There is a race condition on the call to to weg_t::add_private_car_route, causing the route stored in the way to diverge.
This can happen when finding a route from two different cities to a common destination city, and the two routes cross each other.

jamespetts

Quote from: ceeac on May 10, 2020, 05:56:02 PM
route.cc line 416ff:

private_car_route_step_counter++;
w = tmp->gr->get_weg(road_wt);

if (w)
{
   // The route is added here in a different array index to the set of routes
   // that are currently being read.

   // Also, the route is iterated here *backwards*.
   w->add_private_car_route(destination_pos, previous);
}
         
// Old route storage - we probably no longer need this.
//route.store_at(tmp->count, tmp->gr->get_pos());

previous = tmp->gr->get_pos();
tmp = tmp->parent;


There is a race condition on the call to to weg_t::add_private_car_route, causing the route stored in the way to diverge.
This can happen when finding a route from two different cities to a common destination city, and the two routes cross each other.

Thank you: this is exceedingly helpful. Testing confirms that this is indeed the problem.

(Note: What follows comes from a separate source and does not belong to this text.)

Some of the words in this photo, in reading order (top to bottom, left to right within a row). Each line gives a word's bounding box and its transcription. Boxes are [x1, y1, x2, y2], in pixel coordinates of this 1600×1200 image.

This is a subtle and complex problem. What happens appears to be that the order in which private car routes are added to the world is not (necessarily) the same between the server and client. This would not be a problem if what were actually being added were the same, but there are times when it might not be the same, for example, if a road had been added or deleted (whether by a player or automatically by a town) between the time when the first route had been found and the time when a second route had been found. Because only one route to a destination is stored in any given tile, all routes to that destination from that tile will be based on whatever route was set most recently. This has the effect that it is possible for there to be substantive private car related differences between client and server, which is what causes a loss of synchronisation.

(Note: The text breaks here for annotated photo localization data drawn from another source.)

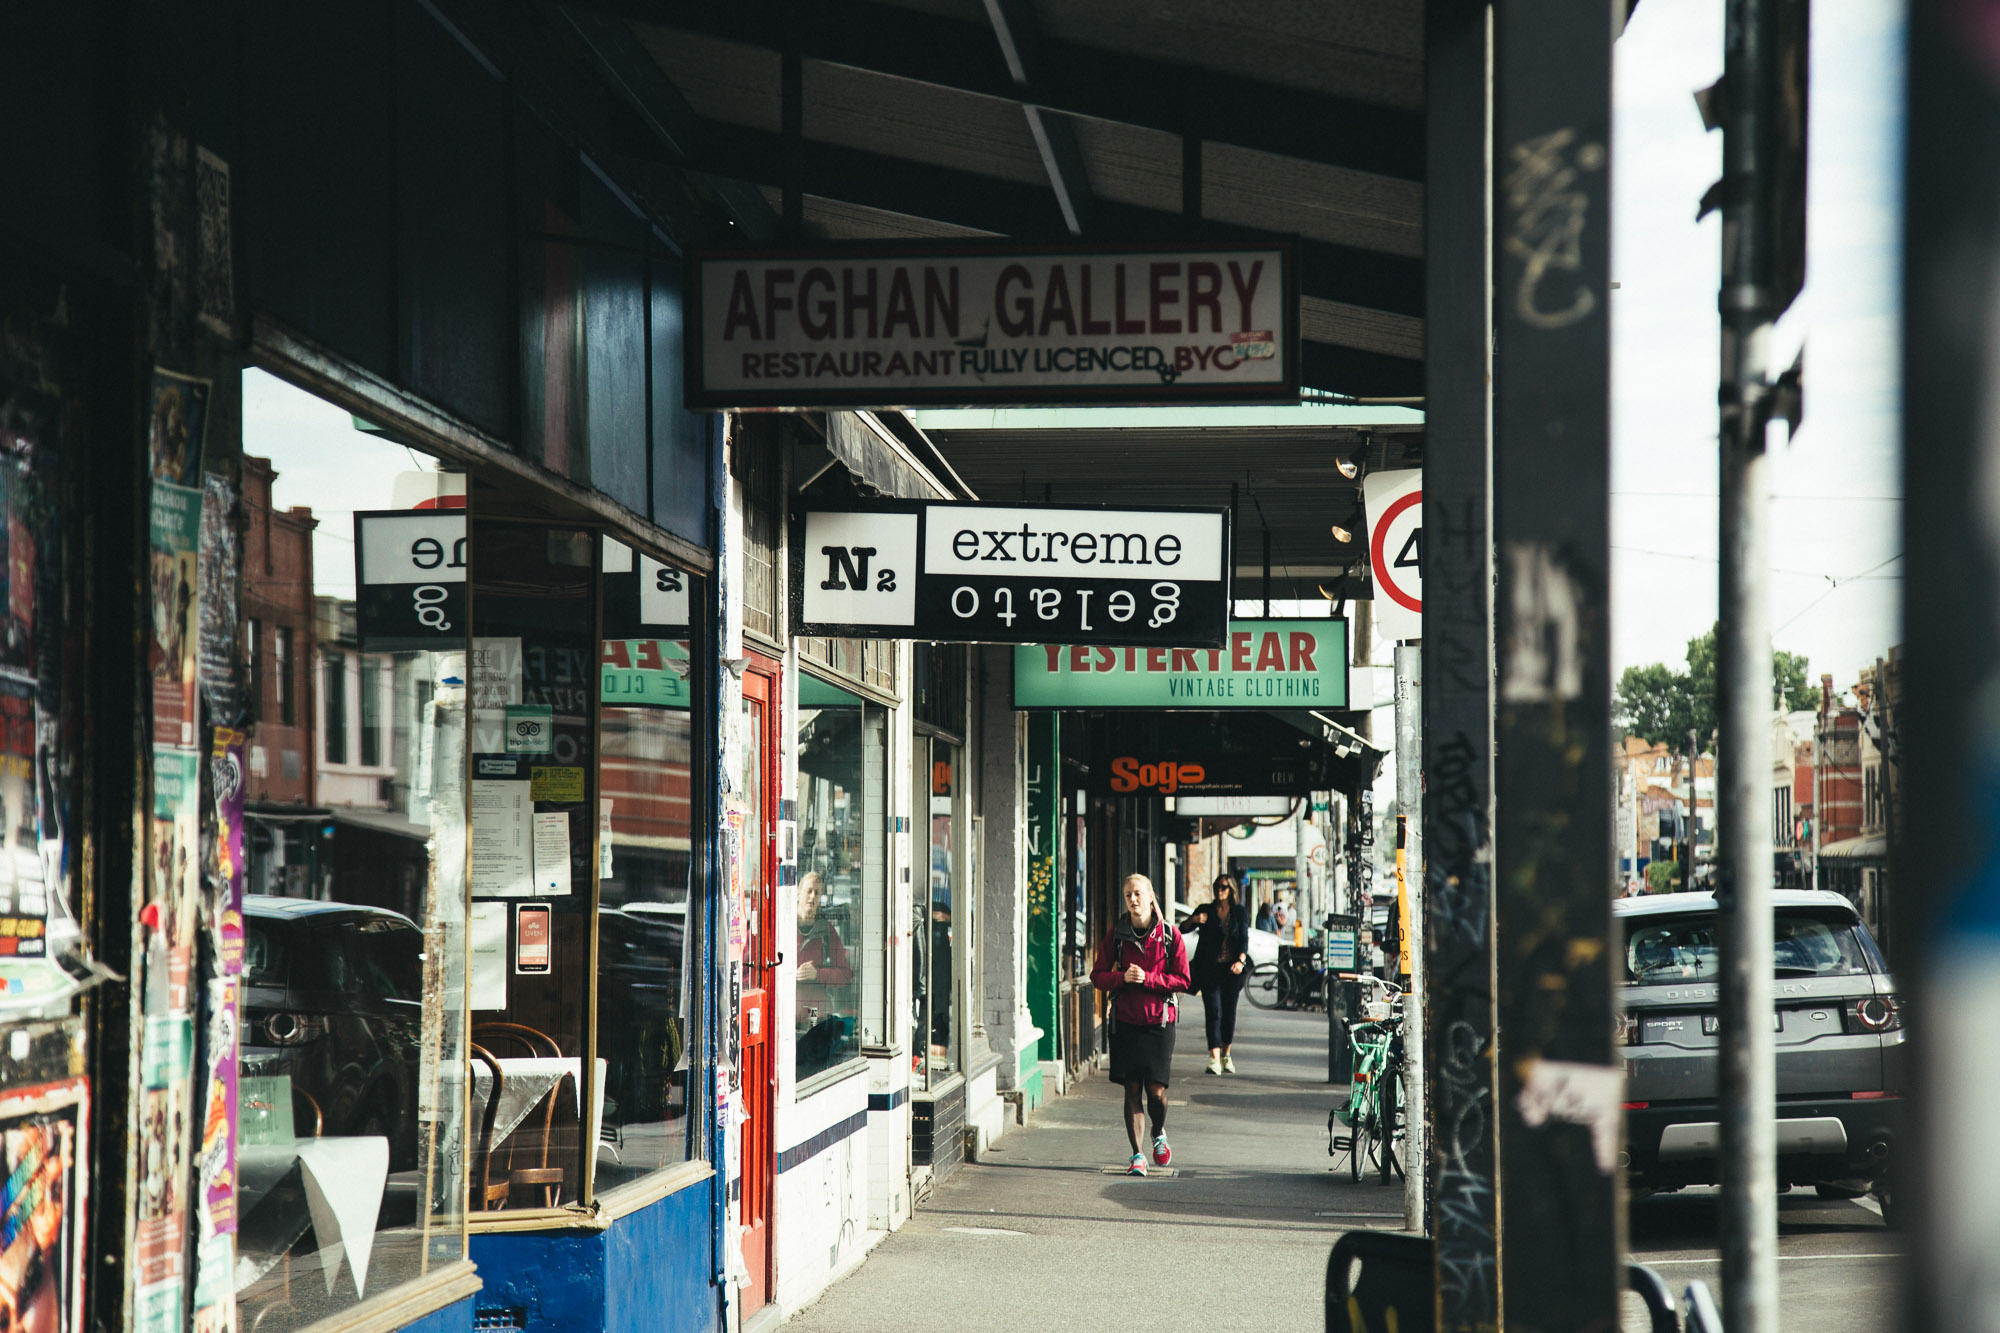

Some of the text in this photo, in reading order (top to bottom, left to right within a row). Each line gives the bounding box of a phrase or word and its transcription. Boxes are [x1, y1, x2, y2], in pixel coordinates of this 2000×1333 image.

[723, 260, 1265, 341] AFGHAN GALLERY
[741, 351, 955, 379] RESTAURANT
[960, 347, 1029, 375] FULLY
[1034, 346, 1164, 373] LICENCED
[952, 522, 1182, 566] extreme
[1393, 527, 1423, 579] 4
[951, 581, 1182, 630] gelato
[1169, 678, 1320, 697] VINTAGE CLOTHING
[1110, 757, 1206, 794] Sogo

I have now pushed a basic fix for this, consisting of only allowing one concurrent background thread to find private car routes when the game is running in network mode. Testing shows that this prevents the loss of synchronisation, but unfortunately has the effect of significantly reducing the speed with which private car routes are updated in network mode. This should not make a noticeable difference on smaller maps, but is likely to make a very significant difference on larger maps, where it might be several game years between updates of roads.

I would therefore suggest that larger network games be split across several large islands so that there are a number of separate road networks rather than a single massive road network, the latter of which would greatly increase the processing power required for route finding.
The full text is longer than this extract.